**WORK INSTRUCTION**
Line by line, restate the listing below without any change.

**DATA SHOWN**
------------------------------------------------------------------------
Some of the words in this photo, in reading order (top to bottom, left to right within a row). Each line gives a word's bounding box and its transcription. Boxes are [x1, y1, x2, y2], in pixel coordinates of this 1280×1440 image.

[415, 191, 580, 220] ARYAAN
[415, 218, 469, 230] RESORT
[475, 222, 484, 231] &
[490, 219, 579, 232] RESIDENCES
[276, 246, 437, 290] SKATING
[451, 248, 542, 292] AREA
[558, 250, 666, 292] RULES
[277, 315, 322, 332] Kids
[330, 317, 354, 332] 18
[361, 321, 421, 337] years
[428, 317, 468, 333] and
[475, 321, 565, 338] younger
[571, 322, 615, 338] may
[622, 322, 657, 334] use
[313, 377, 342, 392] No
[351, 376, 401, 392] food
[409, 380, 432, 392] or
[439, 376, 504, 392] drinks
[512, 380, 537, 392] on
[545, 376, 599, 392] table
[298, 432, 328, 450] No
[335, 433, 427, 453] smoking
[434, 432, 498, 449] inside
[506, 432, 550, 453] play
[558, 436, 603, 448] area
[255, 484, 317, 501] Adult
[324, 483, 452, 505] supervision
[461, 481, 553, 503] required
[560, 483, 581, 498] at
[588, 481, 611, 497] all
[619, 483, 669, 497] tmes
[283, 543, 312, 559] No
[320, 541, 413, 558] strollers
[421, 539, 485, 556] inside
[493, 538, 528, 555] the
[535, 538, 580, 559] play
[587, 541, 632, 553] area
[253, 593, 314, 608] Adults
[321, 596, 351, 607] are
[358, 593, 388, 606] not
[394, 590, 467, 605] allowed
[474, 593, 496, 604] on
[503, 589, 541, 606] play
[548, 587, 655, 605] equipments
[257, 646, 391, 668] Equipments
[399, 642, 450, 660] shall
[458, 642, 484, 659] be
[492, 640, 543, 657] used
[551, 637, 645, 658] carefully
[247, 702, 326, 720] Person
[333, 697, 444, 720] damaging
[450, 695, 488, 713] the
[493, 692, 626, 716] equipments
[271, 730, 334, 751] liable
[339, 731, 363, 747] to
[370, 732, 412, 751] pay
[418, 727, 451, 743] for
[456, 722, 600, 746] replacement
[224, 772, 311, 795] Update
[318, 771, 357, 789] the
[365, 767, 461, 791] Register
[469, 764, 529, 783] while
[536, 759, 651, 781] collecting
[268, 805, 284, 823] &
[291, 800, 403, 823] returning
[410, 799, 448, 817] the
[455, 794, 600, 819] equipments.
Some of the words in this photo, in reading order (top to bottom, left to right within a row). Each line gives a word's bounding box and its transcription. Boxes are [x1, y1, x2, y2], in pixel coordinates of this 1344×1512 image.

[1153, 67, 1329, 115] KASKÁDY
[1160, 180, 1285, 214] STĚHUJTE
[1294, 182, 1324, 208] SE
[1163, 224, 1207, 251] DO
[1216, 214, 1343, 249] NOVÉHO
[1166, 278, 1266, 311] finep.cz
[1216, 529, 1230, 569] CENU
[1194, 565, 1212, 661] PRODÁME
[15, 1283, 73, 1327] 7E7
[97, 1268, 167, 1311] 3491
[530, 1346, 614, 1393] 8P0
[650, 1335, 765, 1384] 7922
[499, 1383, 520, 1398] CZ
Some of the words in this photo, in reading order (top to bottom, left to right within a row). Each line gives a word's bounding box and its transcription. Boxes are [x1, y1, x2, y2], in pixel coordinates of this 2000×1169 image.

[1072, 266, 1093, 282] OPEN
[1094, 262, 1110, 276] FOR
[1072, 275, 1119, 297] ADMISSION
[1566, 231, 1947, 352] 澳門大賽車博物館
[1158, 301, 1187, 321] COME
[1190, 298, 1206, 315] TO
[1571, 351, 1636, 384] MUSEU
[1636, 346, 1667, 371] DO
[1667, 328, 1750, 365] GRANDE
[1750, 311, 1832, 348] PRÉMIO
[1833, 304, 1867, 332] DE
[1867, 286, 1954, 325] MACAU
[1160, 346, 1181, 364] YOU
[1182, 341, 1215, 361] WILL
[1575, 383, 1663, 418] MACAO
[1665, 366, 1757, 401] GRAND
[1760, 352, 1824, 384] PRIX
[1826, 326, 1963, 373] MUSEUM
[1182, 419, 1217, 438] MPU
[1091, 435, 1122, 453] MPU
------------------------------------------------------------------------
**WRITTEN RESPONSE**
Some of the words in this photo, in reading order (top to bottom, left to right within a row). Each line gives a word's bounding box and its transcription. Boxes are [x1, y1, x2, y2], in pixel coordinates of this 1280×1440 image.

[415, 191, 580, 220] ARYAAN
[415, 218, 469, 230] RESORT
[475, 222, 484, 231] &
[490, 219, 579, 232] RESIDENCES
[276, 246, 437, 290] SKATING
[451, 248, 542, 292] AREA
[558, 250, 666, 292] RULES
[277, 315, 322, 332] Kids
[330, 317, 354, 332] 18
[361, 321, 421, 337] years
[428, 317, 468, 333] and
[475, 321, 565, 338] younger
[571, 322, 615, 338] may
[622, 322, 657, 334] use
[313, 377, 342, 392] No
[351, 376, 401, 392] food
[409, 380, 432, 392] or
[439, 376, 504, 392] drinks
[512, 380, 537, 392] on
[545, 376, 599, 392] table
[298, 432, 328, 450] No
[335, 433, 427, 453] smoking
[434, 432, 498, 449] inside
[506, 432, 550, 453] play
[558, 436, 603, 448] area
[255, 484, 317, 501] Adult
[324, 483, 452, 505] supervision
[461, 481, 553, 503] required
[560, 483, 581, 498] at
[588, 481, 611, 497] all
[619, 483, 669, 497] tmes
[283, 543, 312, 559] No
[320, 541, 413, 558] strollers
[421, 539, 485, 556] inside
[493, 538, 528, 555] the
[535, 538, 580, 559] play
[587, 541, 632, 553] area
[253, 593, 314, 608] Adults
[321, 596, 351, 607] are
[358, 593, 388, 606] not
[394, 590, 467, 605] allowed
[474, 593, 496, 604] on
[503, 589, 541, 606] play
[548, 587, 655, 605] equipments
[257, 646, 391, 668] Equipments
[399, 642, 450, 660] shall
[458, 642, 484, 659] be
[492, 640, 543, 657] used
[551, 637, 645, 658] carefully
[247, 702, 326, 720] Person
[333, 697, 444, 720] damaging
[450, 695, 488, 713] the
[493, 692, 626, 716] equipments
[271, 730, 334, 751] liable
[339, 731, 363, 747] to
[370, 732, 412, 751] pay
[418, 727, 451, 743] for
[456, 722, 600, 746] replacement
[224, 772, 311, 795] Update
[318, 771, 357, 789] the
[365, 767, 461, 791] Register
[469, 764, 529, 783] while
[536, 759, 651, 781] collecting
[268, 805, 284, 823] &
[291, 800, 403, 823] returning
[410, 799, 448, 817] the
[455, 794, 600, 819] equipments.
Some of the words in this photo, in reading order (top to bottom, left to right within a row). Each line gives a word's bounding box and its transcription. Boxes are [x1, y1, x2, y2], in pixel coordinates of this 1344×1512 image.

[1153, 67, 1329, 115] KASKÁDY
[1160, 180, 1285, 214] STĚHUJTE
[1294, 182, 1324, 208] SE
[1163, 224, 1207, 251] DO
[1216, 214, 1343, 249] NOVÉHO
[1166, 278, 1266, 311] finep.cz
[1216, 529, 1230, 569] CENU
[1194, 565, 1212, 661] PRODÁME
[15, 1283, 73, 1327] 7E7
[97, 1268, 167, 1311] 3491
[530, 1346, 614, 1393] 8P0
[650, 1335, 765, 1384] 7922
[499, 1383, 520, 1398] CZ
Some of the words in this photo, in reading order (top to bottom, left to right within a row). Each line gives a word's bounding box and its transcription. Boxes are [x1, y1, x2, y2], in pixel coordinates of this 2000×1169 image.

[1072, 266, 1093, 282] OPEN
[1094, 262, 1110, 276] FOR
[1072, 275, 1119, 297] ADMISSION
[1566, 231, 1947, 352] 澳門大賽車博物館
[1158, 301, 1187, 321] COME
[1190, 298, 1206, 315] TO
[1571, 351, 1636, 384] MUSEU
[1636, 346, 1667, 371] DO
[1667, 328, 1750, 365] GRANDE
[1750, 311, 1832, 348] PRÉMIO
[1833, 304, 1867, 332] DE
[1867, 286, 1954, 325] MACAU
[1160, 346, 1181, 364] YOU
[1182, 341, 1215, 361] WILL
[1575, 383, 1663, 418] MACAO
[1665, 366, 1757, 401] GRAND
[1760, 352, 1824, 384] PRIX
[1826, 326, 1963, 373] MUSEUM
[1182, 419, 1217, 438] MPU
[1091, 435, 1122, 453] MPU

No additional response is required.